*** Exercise input Section Begins ***
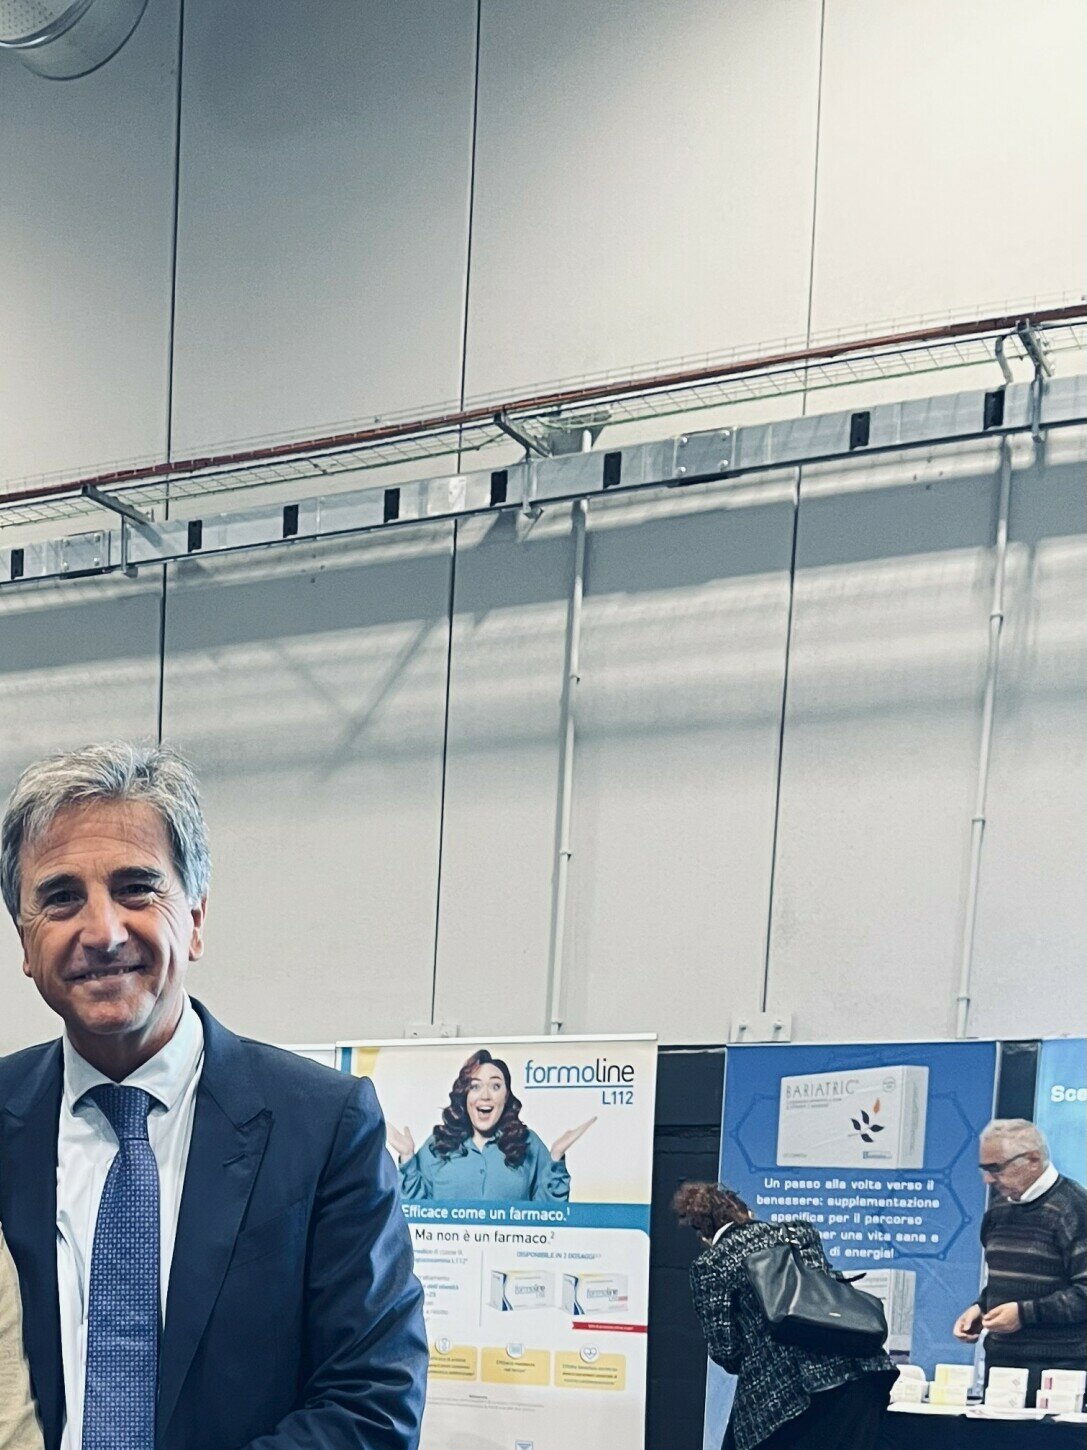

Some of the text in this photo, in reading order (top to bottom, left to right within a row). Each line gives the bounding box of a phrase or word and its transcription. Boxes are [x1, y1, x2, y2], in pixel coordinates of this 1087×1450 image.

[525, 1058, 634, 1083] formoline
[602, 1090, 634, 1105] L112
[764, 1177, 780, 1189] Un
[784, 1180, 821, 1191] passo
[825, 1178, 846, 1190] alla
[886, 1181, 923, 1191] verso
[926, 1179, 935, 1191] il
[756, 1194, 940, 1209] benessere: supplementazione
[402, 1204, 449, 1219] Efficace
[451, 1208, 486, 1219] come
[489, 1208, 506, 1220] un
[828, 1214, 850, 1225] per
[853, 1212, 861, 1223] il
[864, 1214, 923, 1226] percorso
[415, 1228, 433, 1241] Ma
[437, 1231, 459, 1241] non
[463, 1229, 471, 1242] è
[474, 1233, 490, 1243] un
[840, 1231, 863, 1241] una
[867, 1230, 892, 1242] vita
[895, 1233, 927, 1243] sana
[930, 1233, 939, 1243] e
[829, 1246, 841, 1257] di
*** Exercise input Section Ends ***
Task directions:
If the data includes images, skip them and copy every line exactly.

Written response:
Some of the text in this photo, in reading order (top to bottom, left to right within a row). Each line gives the bounding box of a phrase or word and its transcription. Boxes are [x1, y1, x2, y2], in pixel coordinates of this 1087×1450 image.

[525, 1058, 634, 1083] formoline
[602, 1090, 634, 1105] L112
[764, 1177, 780, 1189] Un
[784, 1180, 821, 1191] passo
[825, 1178, 846, 1190] alla
[886, 1181, 923, 1191] verso
[926, 1179, 935, 1191] il
[756, 1194, 940, 1209] benessere: supplementazione
[402, 1204, 449, 1219] Efficace
[451, 1208, 486, 1219] come
[489, 1208, 506, 1220] un
[828, 1214, 850, 1225] per
[853, 1212, 861, 1223] il
[864, 1214, 923, 1226] percorso
[415, 1228, 433, 1241] Ma
[437, 1231, 459, 1241] non
[463, 1229, 471, 1242] è
[474, 1233, 490, 1243] un
[840, 1231, 863, 1241] una
[867, 1230, 892, 1242] vita
[895, 1233, 927, 1243] sana
[930, 1233, 939, 1243] e
[829, 1246, 841, 1257] di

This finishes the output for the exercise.